Forecast is used across a wide range of industries including retail, manufacturing, logistics, and energy. In retail, SKU-level demand forecasting optimizes inventory placement, reducing both overstock and stockouts. In manufacturing, raw material order quantity forecasting creates procurement plans that account for procurement lead times, contributing to cost optimization across the entire supply chain. In logistics, worker shift demand forecasting optimizes staffing, preventing understaffing during busy periods and overstaffing during slow periods. In the energy industry, power consumption forecasting supports generation planning and grid management that accommodates renewable energy output variability. For web services, it can be applied to server capacity planning, optimizing auto-scaling configurations based on traffic forecasts.

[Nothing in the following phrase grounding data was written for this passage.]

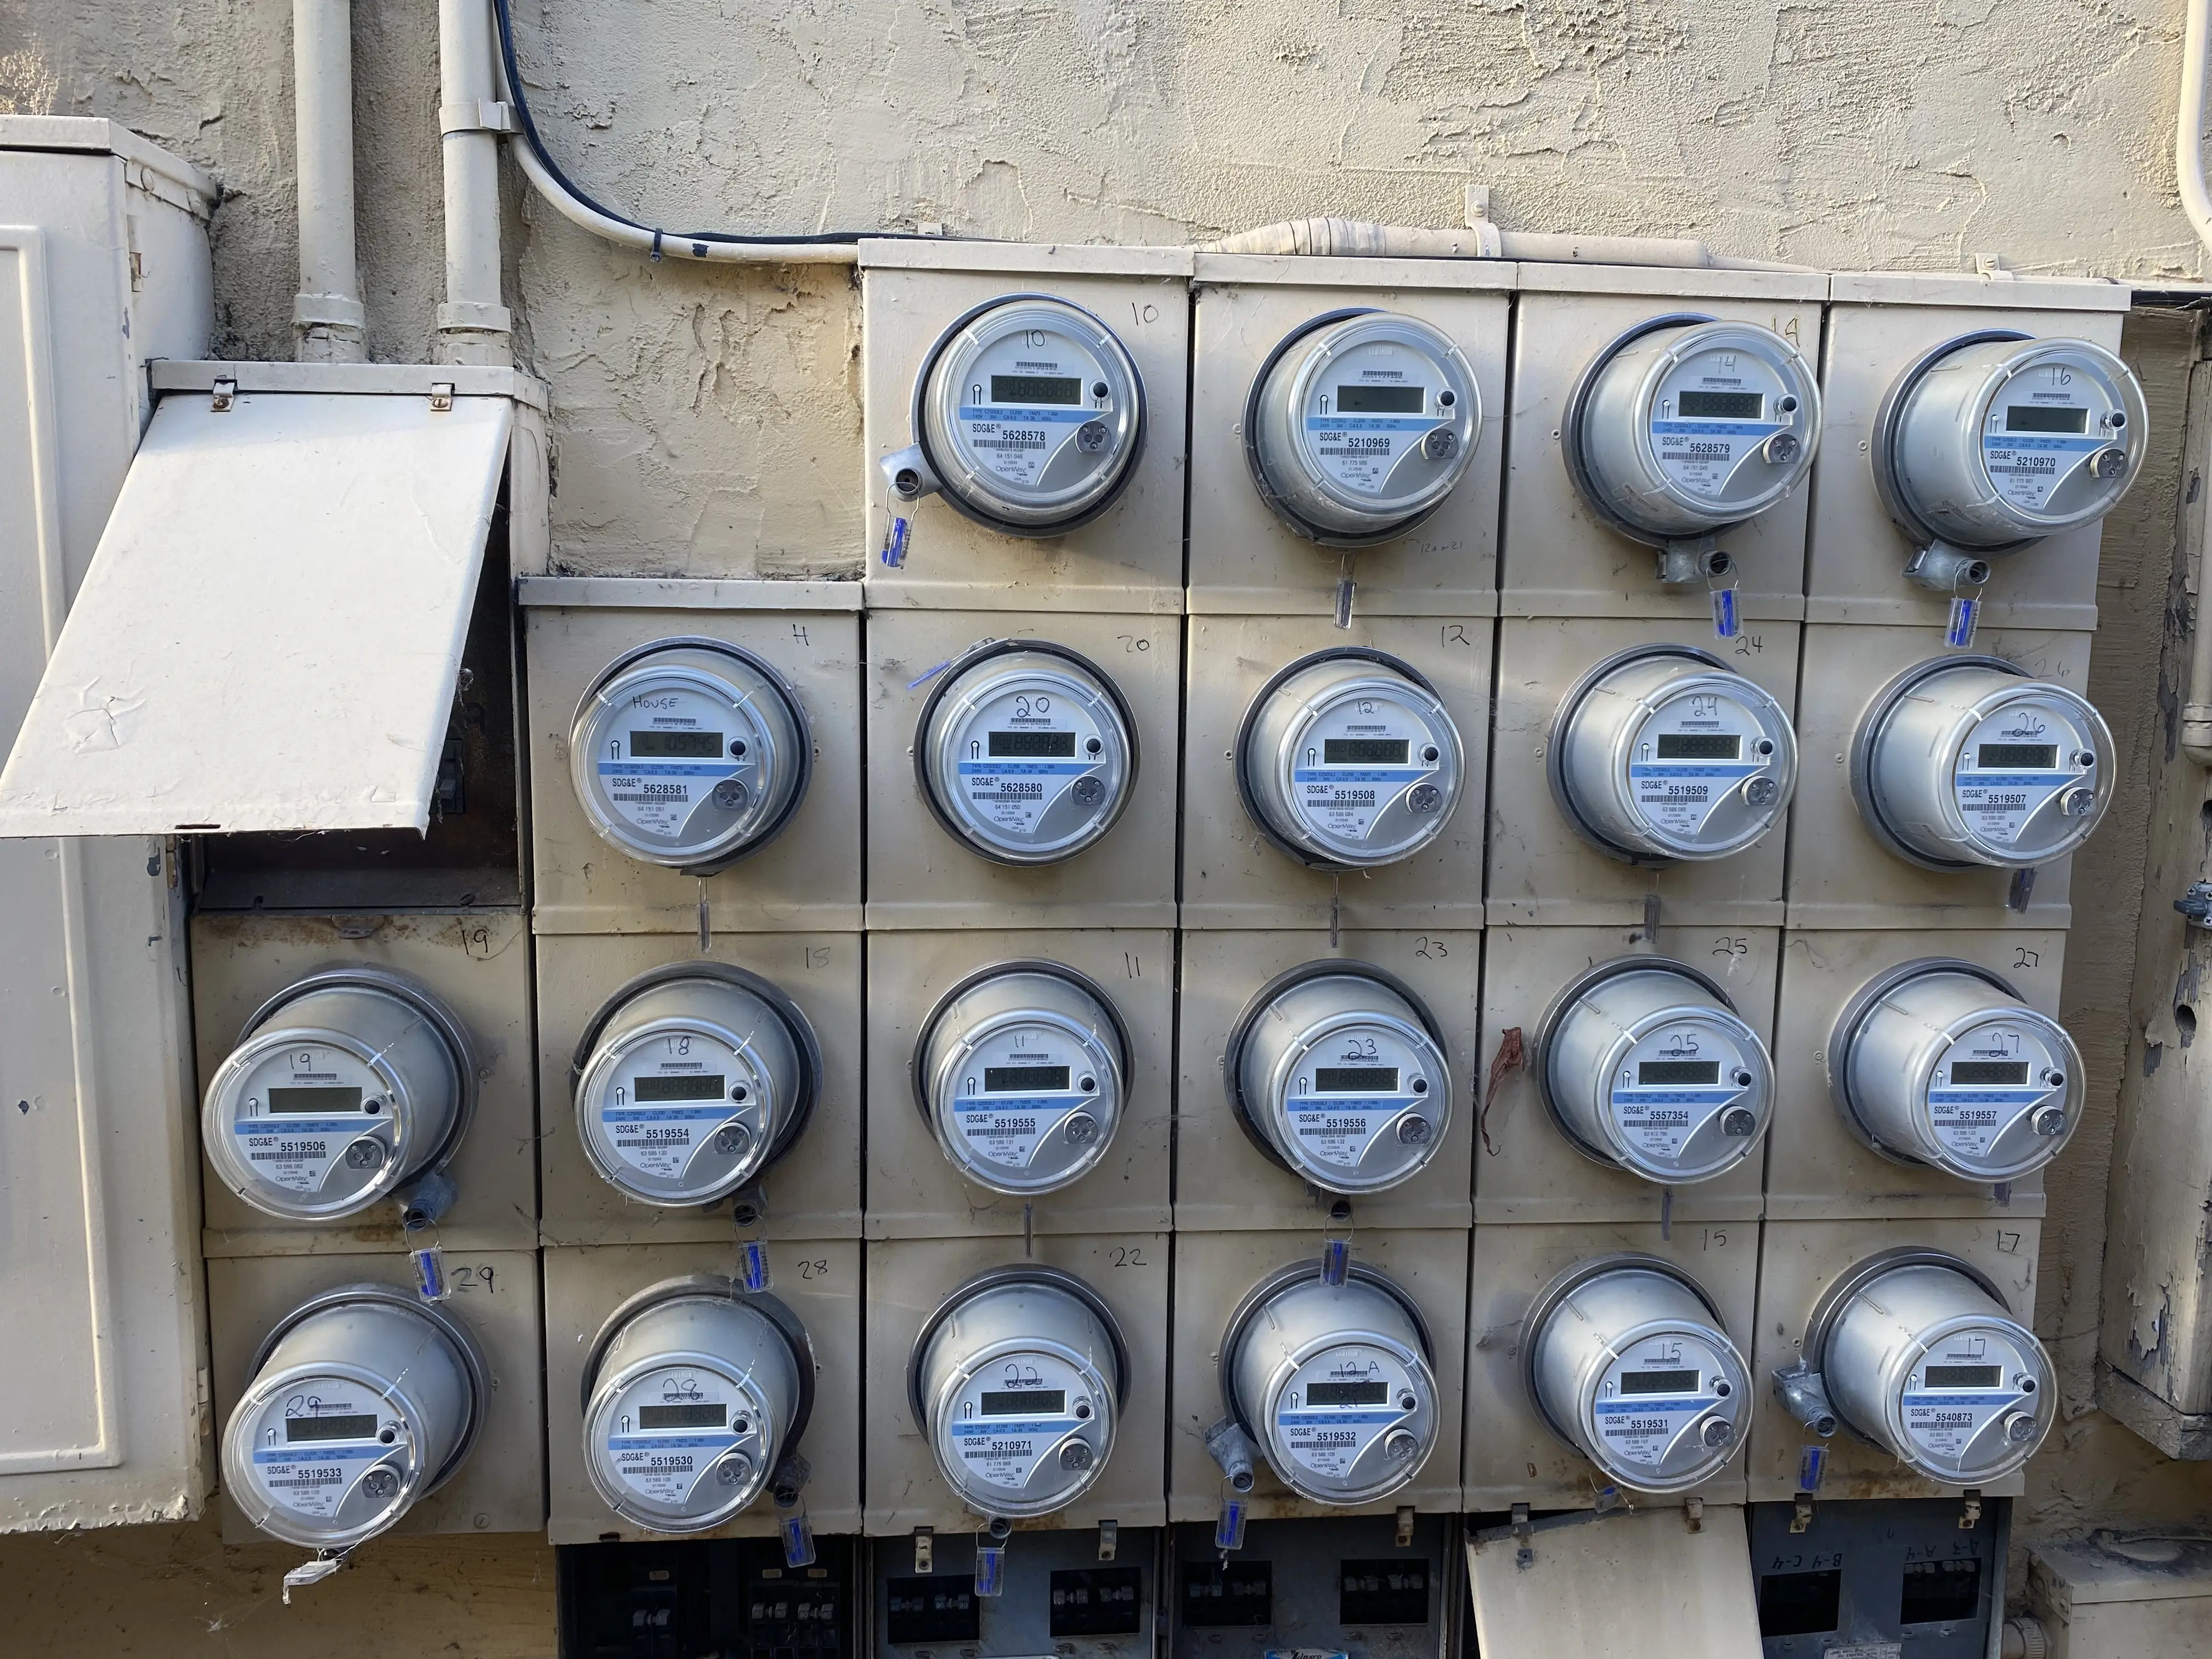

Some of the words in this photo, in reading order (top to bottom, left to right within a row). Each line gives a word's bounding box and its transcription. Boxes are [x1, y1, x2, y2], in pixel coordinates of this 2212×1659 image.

[1132, 302, 1159, 326] 10
[1026, 330, 1045, 348] 10
[2052, 367, 2071, 386] 16
[1002, 430, 1046, 441] 5628578
[1348, 438, 1390, 448] 5210969
[1689, 443, 1730, 453] 5628579
[2016, 456, 2056, 467] 5210970
[1441, 625, 1470, 647] 12
[1735, 635, 1763, 656] 24
[1016, 696, 1050, 718] 20
[1357, 702, 1374, 714] 12
[1694, 696, 1717, 716] 24
[2012, 713, 2045, 737] 26
[643, 784, 688, 794] 5628581
[1000, 783, 1042, 792] 5628580
[1334, 790, 1375, 799] 5519508
[1668, 785, 1708, 795] 5519509
[1988, 794, 2027, 804] 5519507
[461, 929, 488, 955] 19
[1415, 936, 1448, 960] 23
[1712, 936, 1747, 956] 25
[805, 946, 831, 969] 18
[1125, 952, 1141, 979] 11
[2013, 947, 2039, 968] 27
[668, 1036, 692, 1055] 18
[1348, 1039, 1376, 1060] 23
[1670, 1034, 1699, 1057] 25
[1989, 1033, 2020, 1057] 27
[289, 1054, 311, 1072] 19
[994, 1118, 1036, 1128] 5519555
[1326, 1118, 1366, 1128] 5519556
[1650, 1110, 1689, 1120] 5557354
[1959, 1110, 1997, 1119] 5519557
[646, 1128, 689, 1139] 5519554
[280, 1141, 326, 1152] 5519506
[1704, 1229, 1726, 1251] 15
[1997, 1229, 2020, 1252] 17
[1109, 1247, 1147, 1267] 22
[798, 1259, 828, 1279] 28
[452, 1266, 494, 1294] 29
[1662, 1343, 1681, 1360] 15
[1968, 1338, 1985, 1356] 17
[1005, 1364, 1039, 1387] 22
[1340, 1362, 1358, 1378] 12
[1369, 1361, 1380, 1373] A
[663, 1378, 699, 1401] 28
[286, 1395, 321, 1421] 29
[1936, 1413, 1973, 1421] 5540873
[1630, 1419, 1669, 1429] 5519531
[1317, 1431, 1356, 1441] 5519532
[992, 1440, 1032, 1451] 5210971
[651, 1455, 692, 1466] 5519530
[297, 1468, 342, 1479] 5519533
[1772, 1555, 1802, 1569] C-4
[1812, 1553, 1842, 1568] B-4
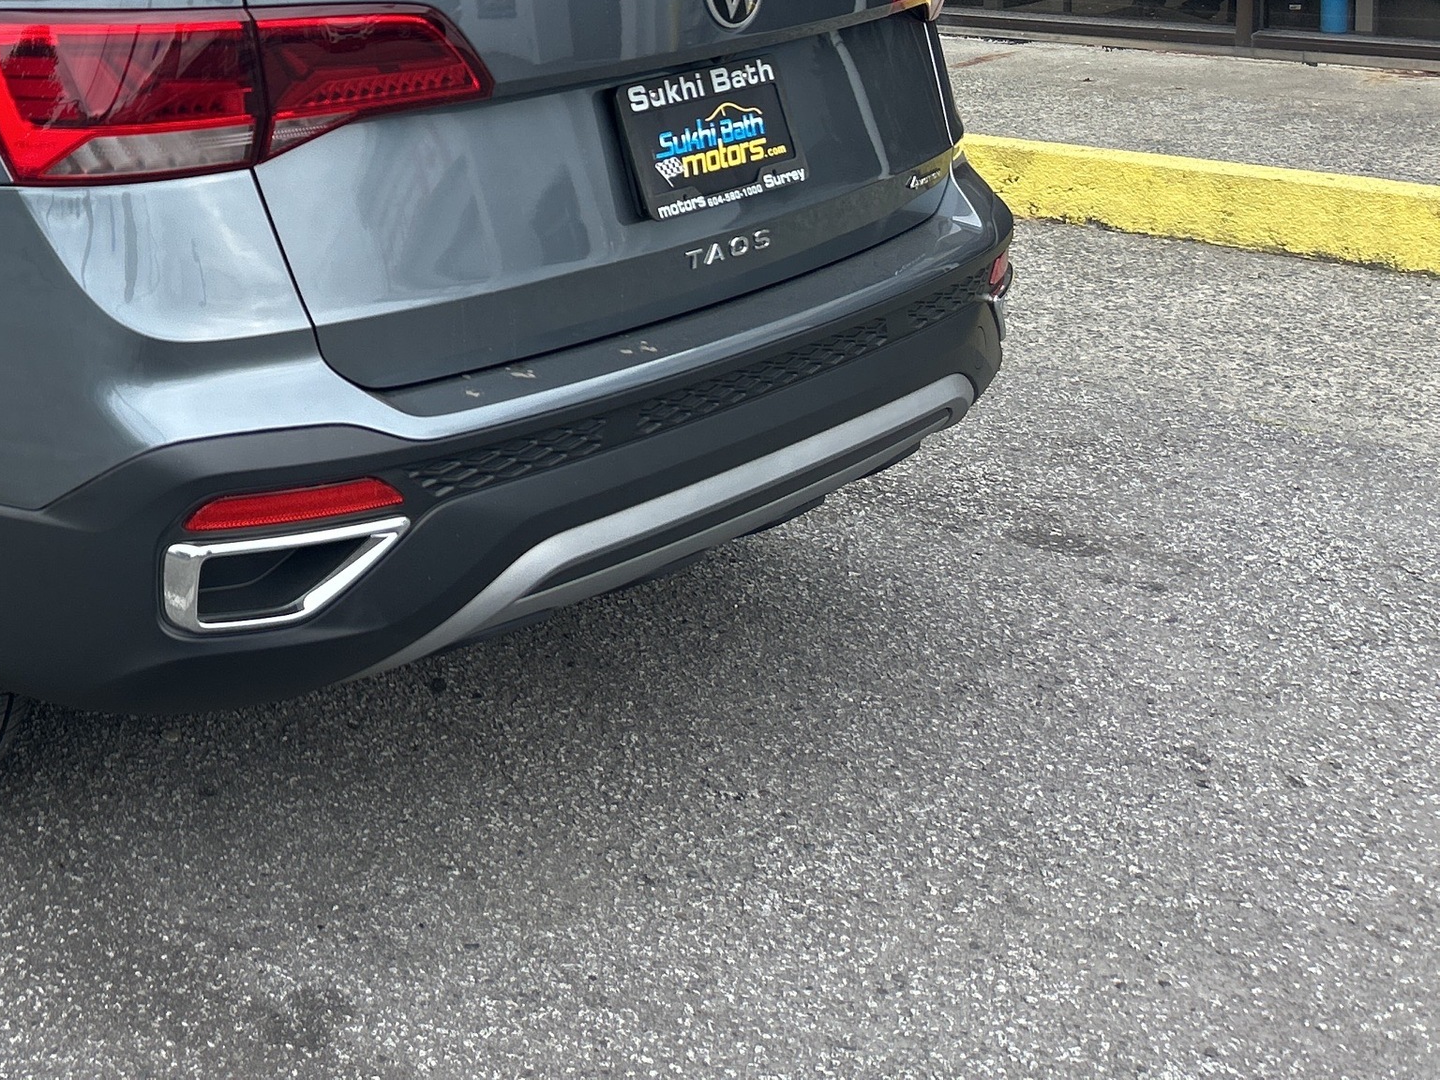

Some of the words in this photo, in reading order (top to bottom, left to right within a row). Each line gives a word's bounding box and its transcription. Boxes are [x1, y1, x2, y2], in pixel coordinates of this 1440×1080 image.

[627, 72, 706, 112] Sukhi
[710, 59, 775, 94] Bath
[655, 118, 716, 159] Sukhi
[719, 113, 766, 142] Bath
[657, 194, 708, 219] motors
[762, 167, 806, 190] Surrey
[685, 229, 771, 270] TAOS

Pricing and Quota Considerations

Pricing consists of $0.60 per 1,000 forecasts, $0.24 per training hour, and $0.088 per GB per month for data storage. For generating monthly demand forecasts for 1,000 items, costs start at just a few dollars per month. AutoML trains multiple models so training costs are higher than manually specifying an algorithm. If prediction accuracy is sufficient, reduce costs by changing training frequency from weekly to monthly. Compared to building custom forecasting models with SageMaker, Forecast significantly reduces development effort and infrastructure management burden. For quotas, the number of dataset groups per account is limited to 500, and predictors are limited to 500 per region. Dataset import size is capped at 10 GB, and the forecast horizon depends on data granularity with a maximum of 500 time steps. Training time for large datasets (millions of rows) may require several hours, so build slack into operational schedules.

Summary

Forecast is a managed service that automatically builds ML models from time series data for demand forecasting. It overcomes limitations of traditional statistical methods through ML, with AutoML automatically selecting the optimal model from 6 algorithms. Adding related time series data and built-in holiday information improves prediction accuracy, while probabilistic forecasts provide P10/P50/P90 prediction intervals. What-If analysis supports scenario-based decision-making, applicable across industries from retail inventory optimization to manufacturing procurement planning and energy grid management. If at least one year of historical sales data has been accumulated, evaluating prediction accuracy with Forecast is recommended.